A escassez de chuvas é acompanhada pelo aumento das temperaturas no estado, causando uma vulnerabilidade do solo. “As chuvas vieram atrasadas e duraram pouco, isso aumentou o percentual de vegetação seca e a tendência é que esse percentual continue crescendo, levando em consideração que a época de seca é bem grande e deve durar até setembro. Com essa onda de calor, o risco de aumentar os focos de incêndio é maior”, esclareceu Gontijo.
Ciclo vicioso
O professor da UFMG lembra que os incêndios emitem dióxido de carbono e contribuem com o efeito estufa. “O ano passado foi o ano mais quente da história e em 2024 pode superar (o recorde).” Ele acrescentou que, além de um gradativo aumento das temperaturas, os incêndios florestais em áreas urbanas ampliam o risco de propagação de doenças. “A área verde na cidade é o refúgio da fauna. No caso de aumento desses incêndios, esses espaços podem ser comprometidos. A presença de fauna nos centros urbanos ajuda no controle de insetos e agentes transmissores de doenças, como o mosquito aedes aegypti, transmissor da dengue e chikungunya”, explicou.
Essa busca da fauna por um refúgio, no entanto, é natural, assim como as mudanças climáticas. “É do clima mudar, se não, não seria clima. Se há um processo contínuo de aquecimento, os seres vivos tendem a migrar para ambientes mais frescos e vão se adaptando à medida que os fatores ecológicos vão se alterando”, pontuou.
Impunidade
De acordo com a Lei de Crimes Ambientais, inserida no Código Penal brasileiro, provocar incêndio em mata ou floresta pode gerar pena de reclusão, de dois a quatro anos, e multa.
O advogado criminalista Bruno Rodarte explica que há deficiências na Lei. “A fiscalização pode e deve ser melhorada, porque muitas vezes nós temos essa sensação de impunidade. Nós não encontramos aqueles que foram responsáveis, no caso, pelos incêndios, e consequentemente não conseguimos punir aquele que deu causa a todo esse problema, a todo esse dano”, pontuou.
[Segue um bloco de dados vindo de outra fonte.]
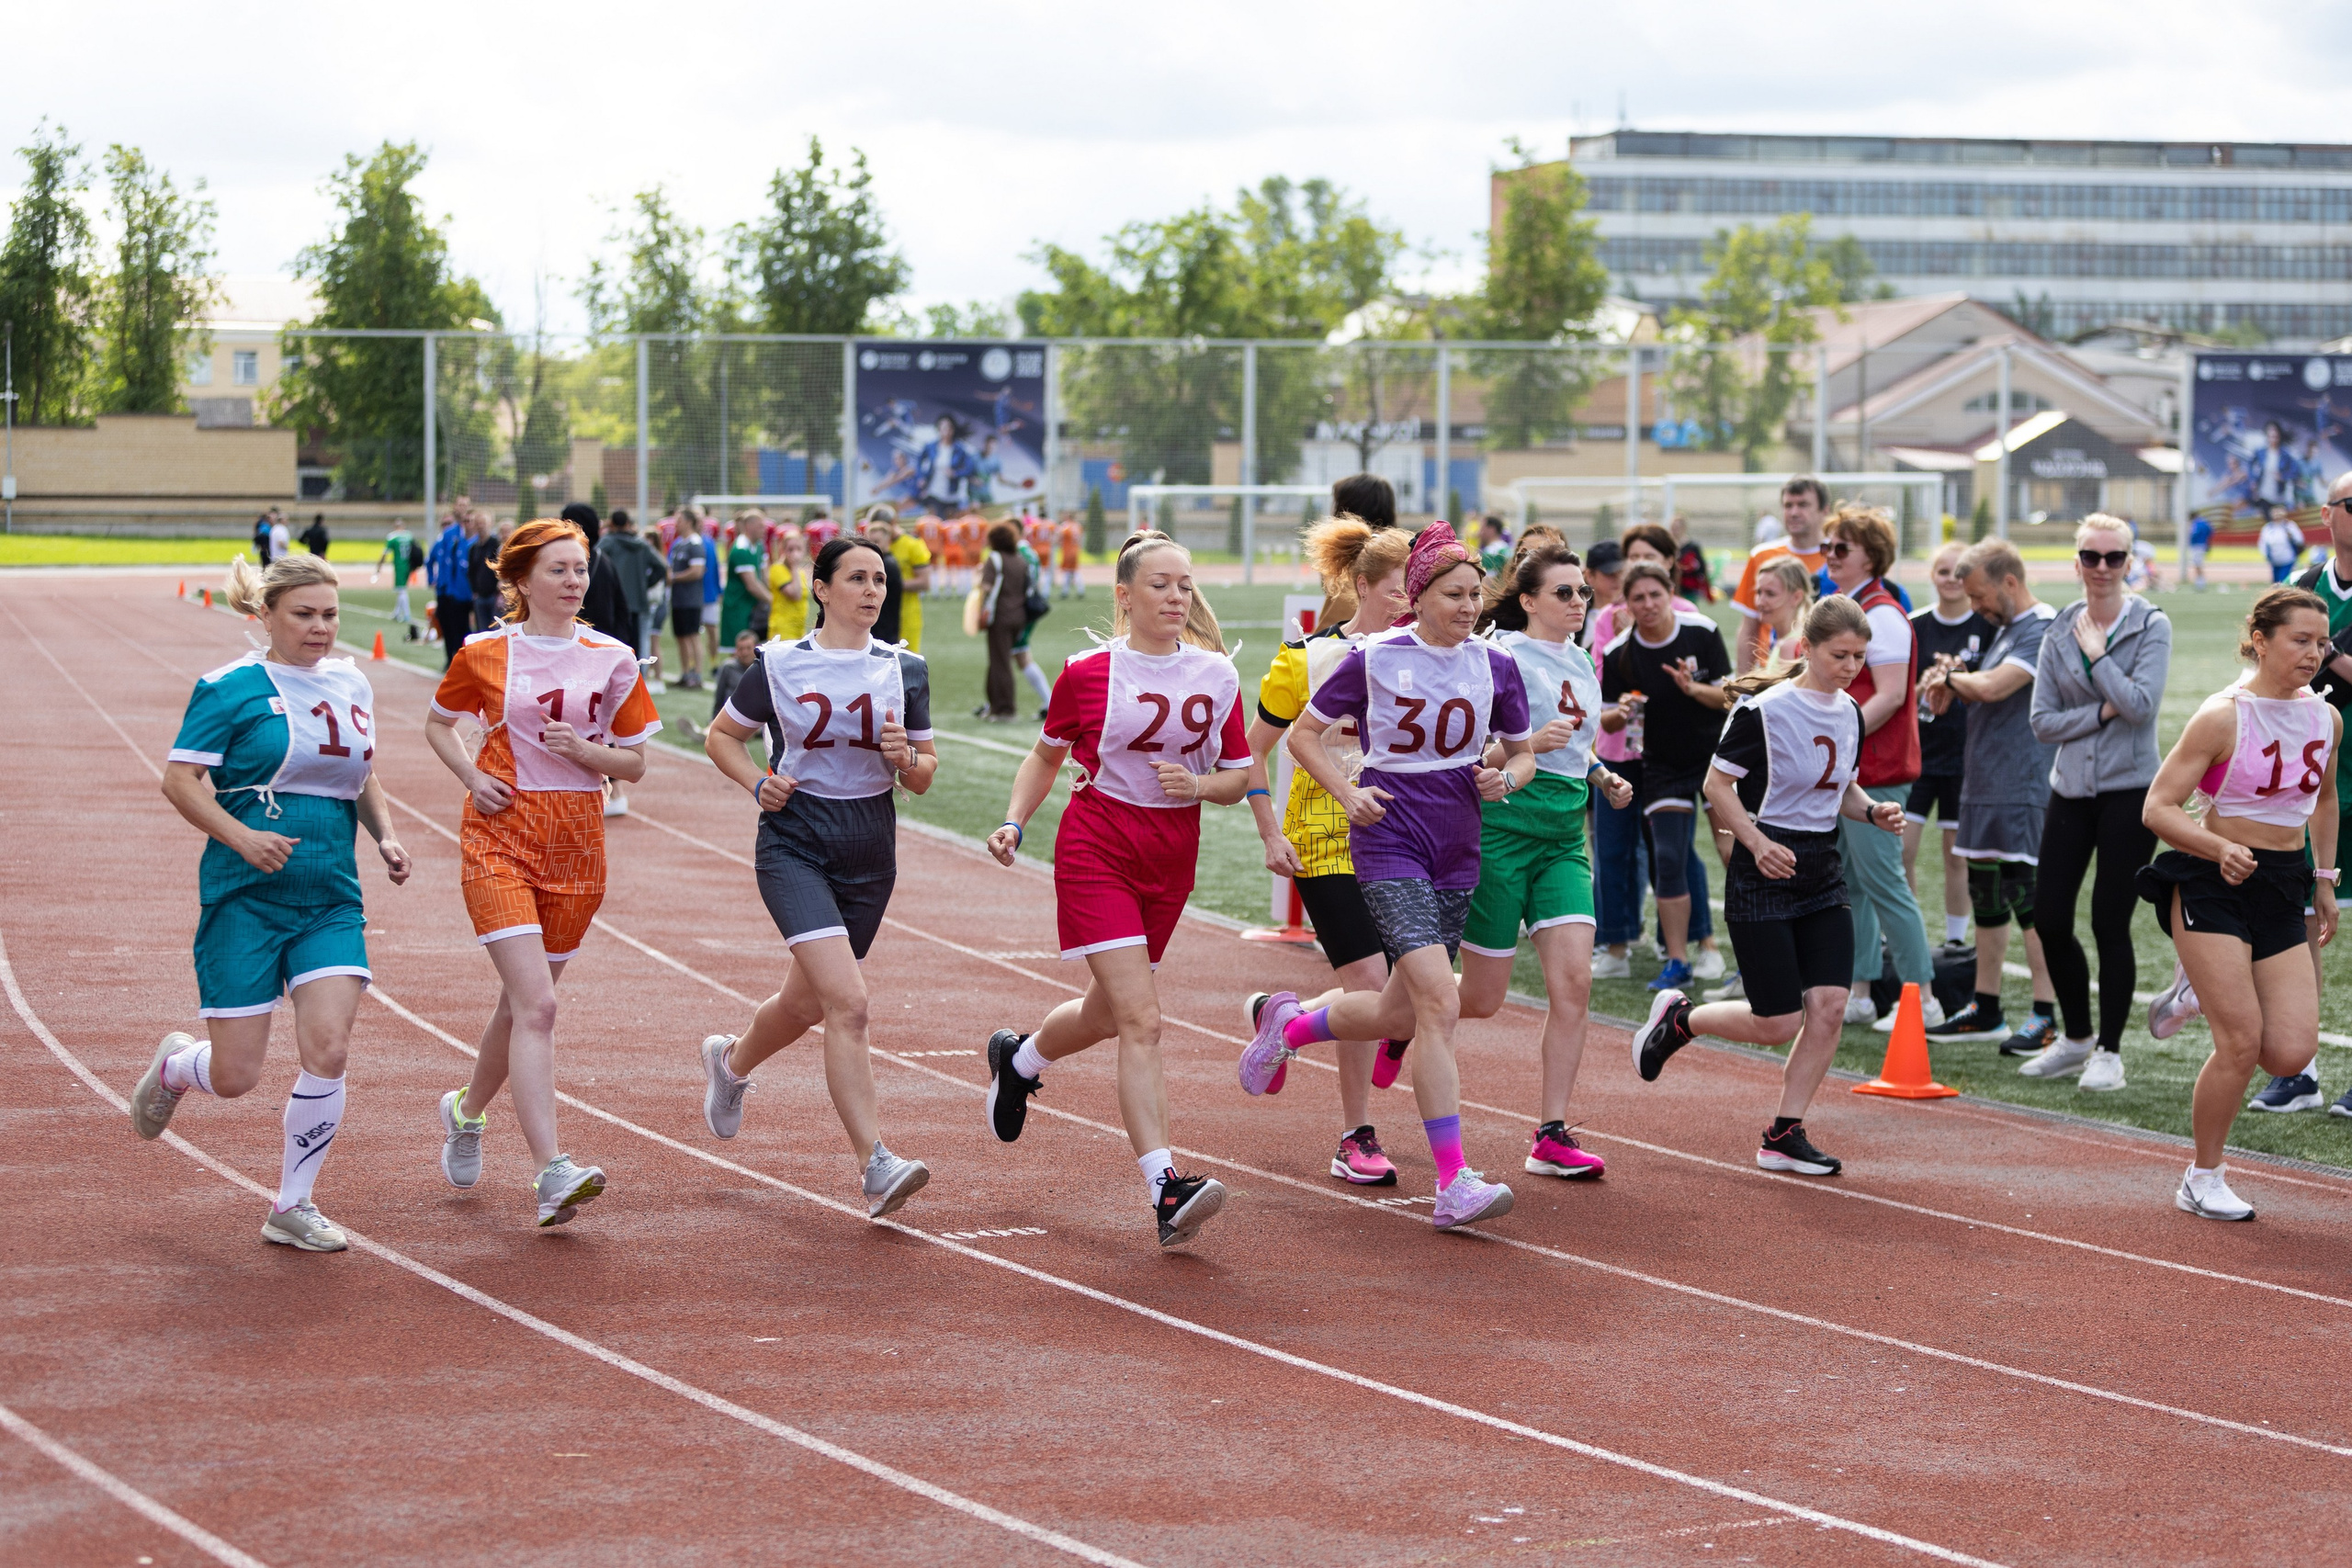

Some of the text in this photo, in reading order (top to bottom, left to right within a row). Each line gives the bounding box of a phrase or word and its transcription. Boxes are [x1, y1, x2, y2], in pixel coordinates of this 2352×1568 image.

“A pessoa pode ser punida tanto pela prática dolosa, ou seja, aquela que ela tem a vontade de praticar o ato, quanto na figura culposa, ou seja, quando ela age de maneira imprudente, negligente ou com a falta de cuidado exigido para aquela situação. Tudo vai depender das provas que forem produzidas, a fim de demonstrar se ela agiu ou não com o dolo necessário. A história já nos mostra que não adianta eu aumentar de uma forma assustadora os tipos penais. Eu preciso sim ter um rigor técnico no momento da aplicação da lei e fazer com que aquele dispositivo saia do papel”, esclareceu o advogado.
Novas atribuições
O CBMMG, que já atuava em conjunto com outros órgãos e brigadas no combate aos incêndios nas Unidades de Conservação (UCs) será responsável por criar diretrizes para prevenção e combate a incêndios florestais, elaborar planos, coordenar e executar as atividades operacionais.
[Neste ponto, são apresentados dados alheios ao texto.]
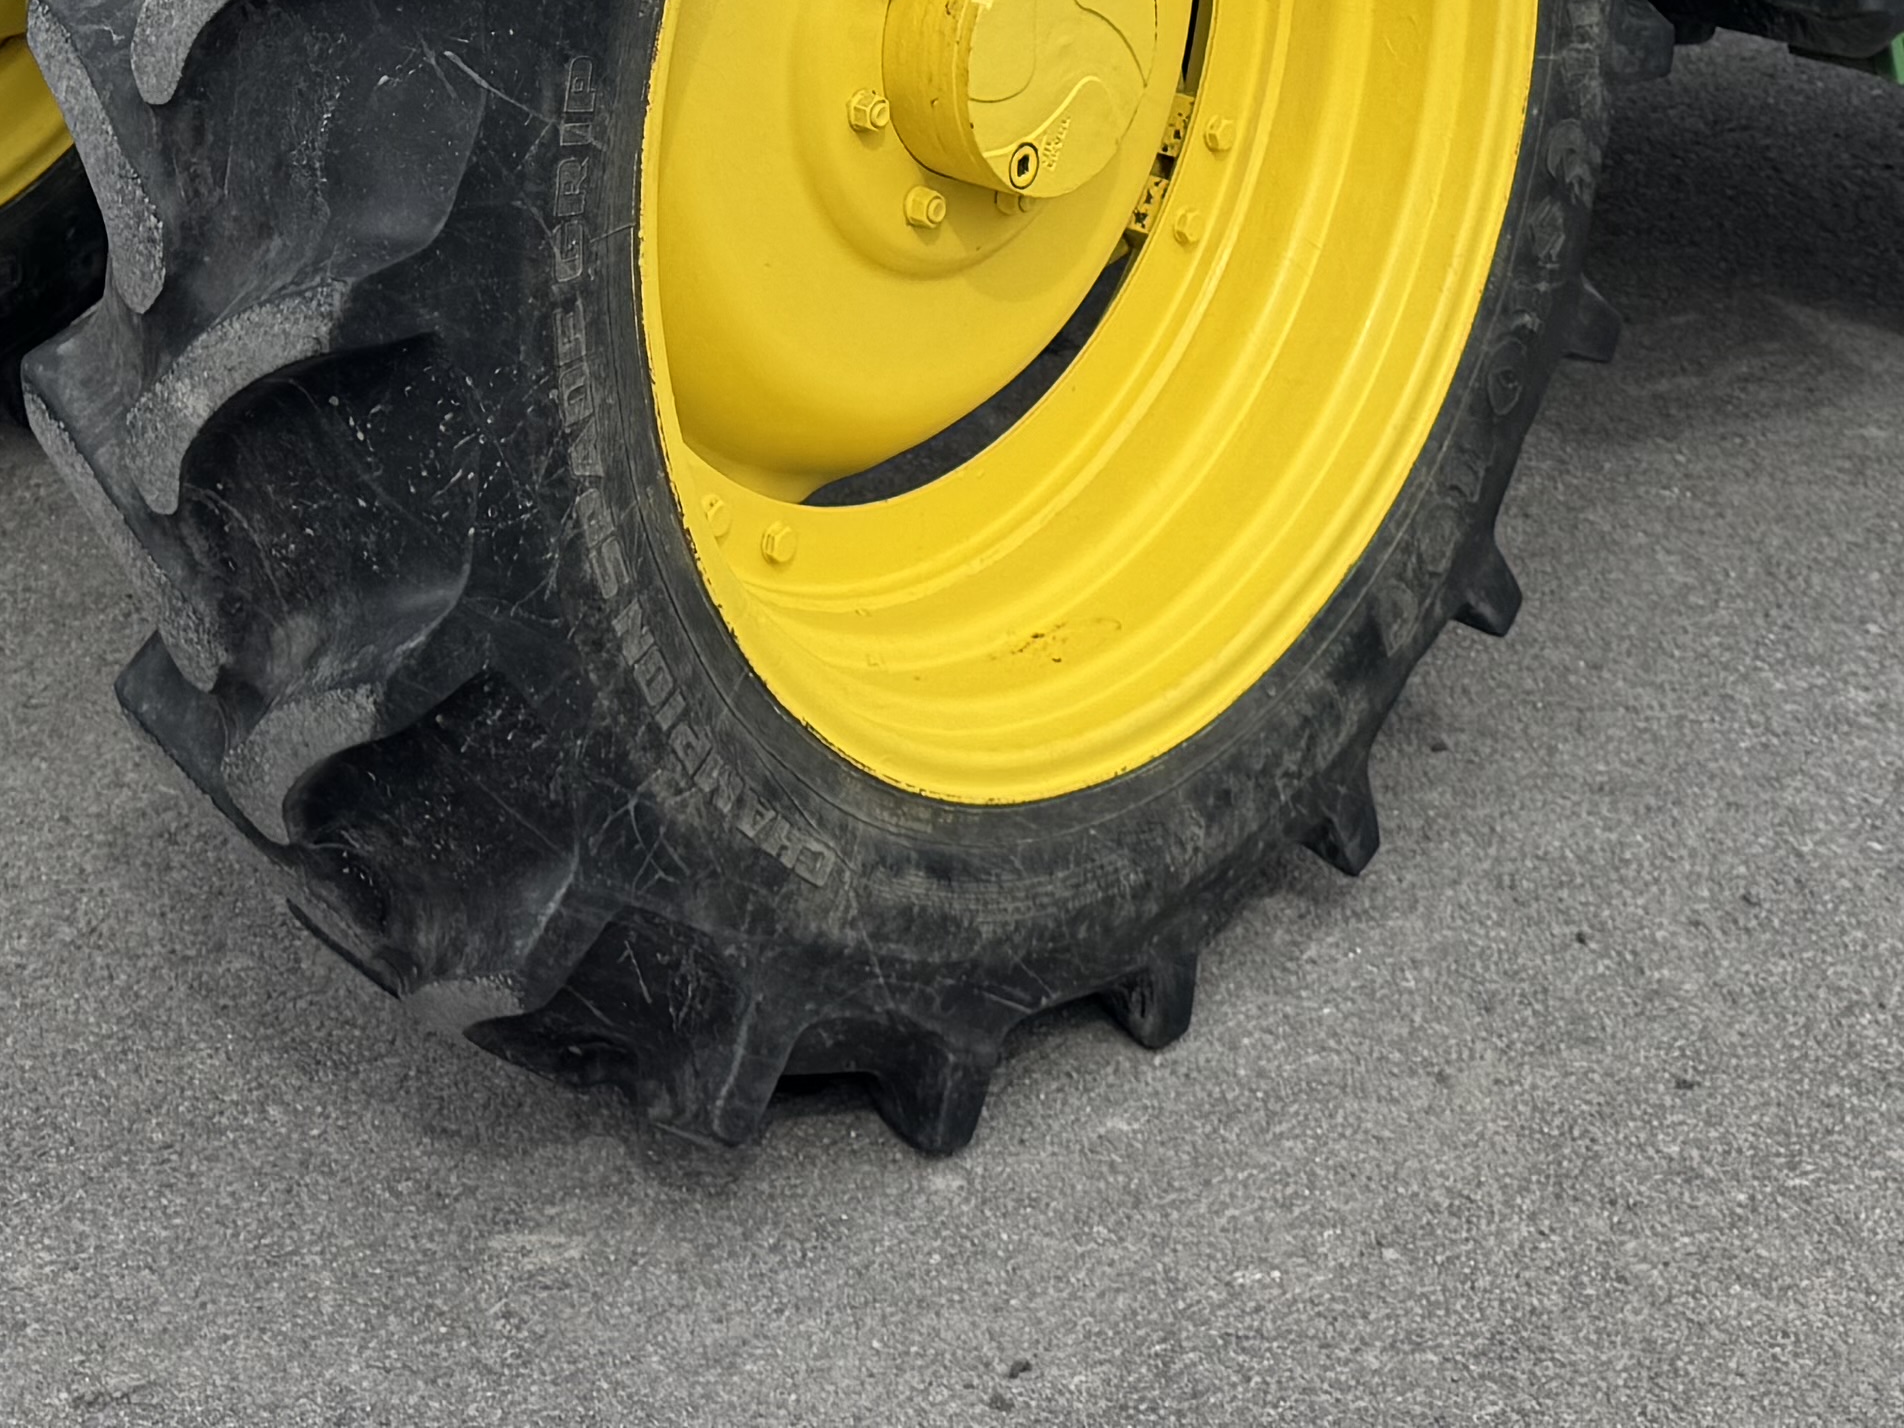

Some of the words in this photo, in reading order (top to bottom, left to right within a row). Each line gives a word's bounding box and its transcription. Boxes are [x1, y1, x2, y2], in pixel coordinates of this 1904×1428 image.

O foco é reduzir o tempo resposta, evitando que os incêndios florestais se propaguem e consumam áreas extensas de vegetação nativa. Mais de uma centena de bombeiros estarão dispostos com logística apropriada para a realização desta operação de reforço operacional.
“Estamos realizando queimas controladas nas Unidades de Conservação para prevenir e reduzir a possibilidade de incêndios em grande escala nessas áreas e essa é uma técnica muito promissora”, explicou o tenente.
O bombeiro ainda aconselha a população a não utilizar fogo para limpeza de lotes, evitar fazer fogueiras em áreas florestais e atentar-se a fontes de calor.
Para 2024, a equipe conta com até 550 brigadistas. O orçamento não foi divulgado.